Quant au financement et à certains partenariats

Certaines équipes découvrent que le financement qui leur est attribué est très inférieur à celui promis au départ. La recherche de financements propres est donc envisagée par des équipes. Certains dispositifs originaux qui faisaient partie des projets ne sont pas acceptés par les inspecteur·trices et remplacés par d’autres, déjà cadrés par des partenariats existants. Une équipe d’enseignant·es l’a ressenti comme une mise au pas par l’administration. Quoi qu’il en soit, cela démontre de toute façon que le projet reste sous contrôle par le biais du financement et de la validation des partenaires. On peut parler d’“entrepreneur-isation” dans la mesure où il y a recherche des financements, puisque l’offre est insuffisante, et cadrage du projet par l’instance de suivi de l’expérimentation afin qu’il corresponde aux objectifs supérieurs de l’administration avant tout et qu’il s’inscrive dans les projets des collectivités (cité éducative, commune, département …), et des décideurs économiques. Tous doivent veiller à la valorisation potentielle du projet. L’administration, qui valide, se réserve le droit d’exploiter les expérimentations à sa manière, dans l’objectif, il ne faut pas l’oublier, de généraliser les expérimentations marseillaises. La marchandisation sous une forme ou une autre est aussi à l’ordre du jour par le biais du projet.

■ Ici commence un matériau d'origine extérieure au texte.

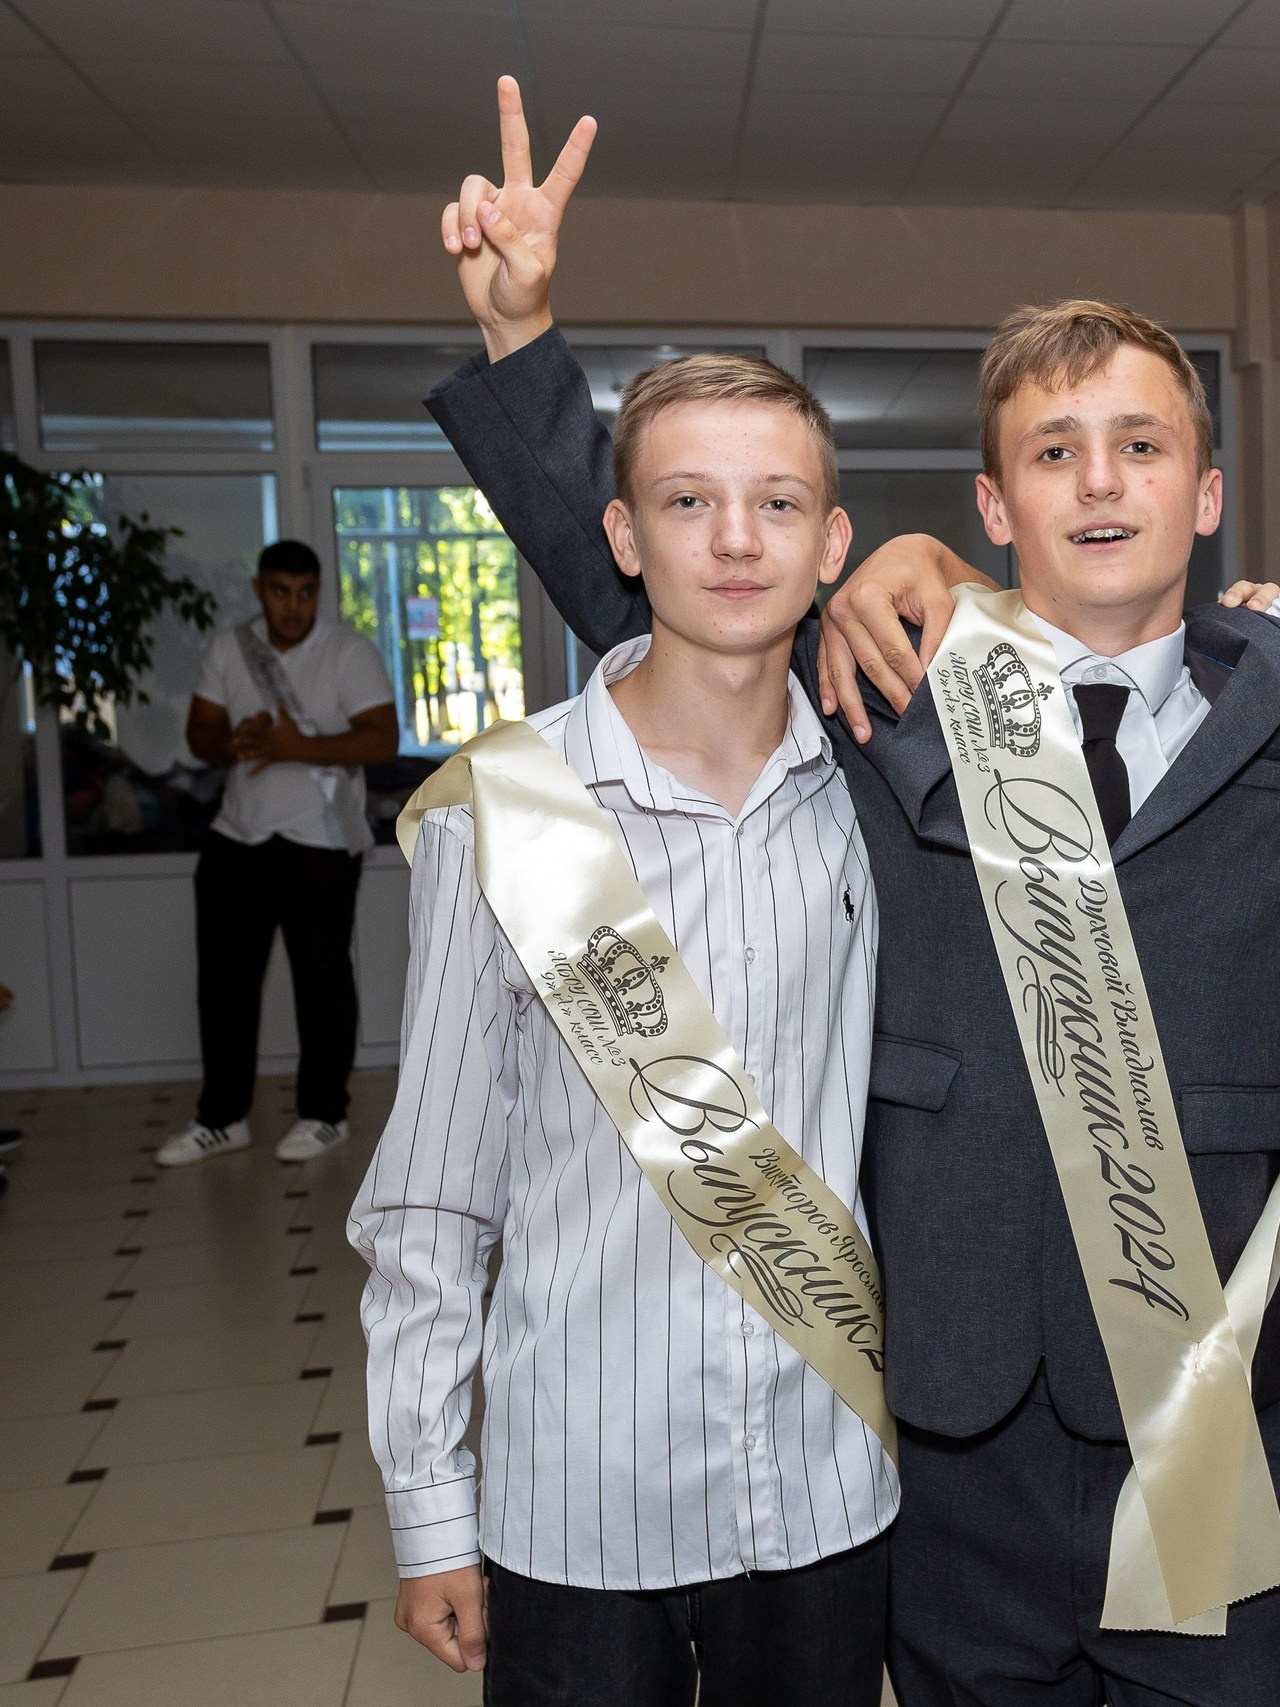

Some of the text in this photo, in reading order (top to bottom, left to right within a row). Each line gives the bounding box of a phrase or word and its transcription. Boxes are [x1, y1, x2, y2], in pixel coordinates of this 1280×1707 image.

[949, 651, 977, 702] МБОУ
[949, 718, 971, 765] класс
[962, 702, 985, 739] СОШ
[547, 950, 590, 996] МБОУ
[576, 999, 610, 1032] СОШ
[1075, 876, 1165, 1152] Духовой Владислав
[569, 1021, 604, 1066] класс
[748, 1147, 839, 1236] Викторов
[1092, 1144, 1190, 1322] 2024

Un projet/une équipe, pas de projet/pas d’équipe ?

On peut constater que dans les écoles qui adhèrent à l’expérimentation, les discussions tournent beaucoup autour du projet. Tous les projets déclarés nécessitent de gros changements dans les écoles, jusqu’à la disparition de la classe en tant que telle. Ils sont donc chronophages. À côté de cela, de façon anecdotique, ils sont présentés comme remèdes à la difficulté scolaire. Sans remettre en cause la bonne foi des collègues, cela reste quand même à démontrer quand on voit que la plupart des projets semblent avoir pour but premier d’être en adéquation avec l’idéologie blanquérienne dominante. C’est à dire de la doxa neuroscientifique et numérique de Blanquer.

Le lien avec la recherche

Certains s’inscrivent même en partenaires de la recherche. Ce qui prouve bien in fine que les projets concernent des pédagogies non abouties, qui reposent encore sur des hypothèses, mais qui pourtant ont pour but d’être généralisées ensuite.

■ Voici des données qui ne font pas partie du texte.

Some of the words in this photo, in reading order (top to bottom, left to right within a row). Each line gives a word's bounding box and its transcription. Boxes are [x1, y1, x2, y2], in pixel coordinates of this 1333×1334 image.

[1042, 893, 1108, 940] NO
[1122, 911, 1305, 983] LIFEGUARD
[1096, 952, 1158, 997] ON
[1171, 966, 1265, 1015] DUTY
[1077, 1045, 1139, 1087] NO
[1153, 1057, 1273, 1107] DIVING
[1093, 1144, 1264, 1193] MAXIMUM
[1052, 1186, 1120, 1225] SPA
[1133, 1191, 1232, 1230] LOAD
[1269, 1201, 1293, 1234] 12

En conséquence, on comprend que le projet sert à la hiérarchie et qu’une fois lancé, il reste sous contrôle.

Sur le rôle spécifique des futur·es recruté·es dans l’expérimentation et l’autonomisation

Selon les projets que nous avons lus, les nouveaux/lles recruté·es, ne sont pas des professeur·es lambdas qui adhèrent au projet de l’école. Ils/elles auront pour tâche spécifique de faire vivre ce fameux projet et donc de donner une réalité à l’autonomie de l’établissement/école. C’est une nouvelle mission et en même temps l’instauration d’une potentielle hiérarchie. Ainsi l’établissement/école avec son équipe pédagogique et son personnel pourraient être cornaqués par le nouveau/lle recruté·e qui va veiller à ce que tout le monde contribue à donner une vitrine à l’établissement/ école. Le programme semble bien loin. Le projet valorisera l’école, qui sera évaluée, pour participer au classement des écoles et à terme à la marchandisation. Les futurs recrutés seront donc les propulseurs du projet, à son service, mais pas seulement.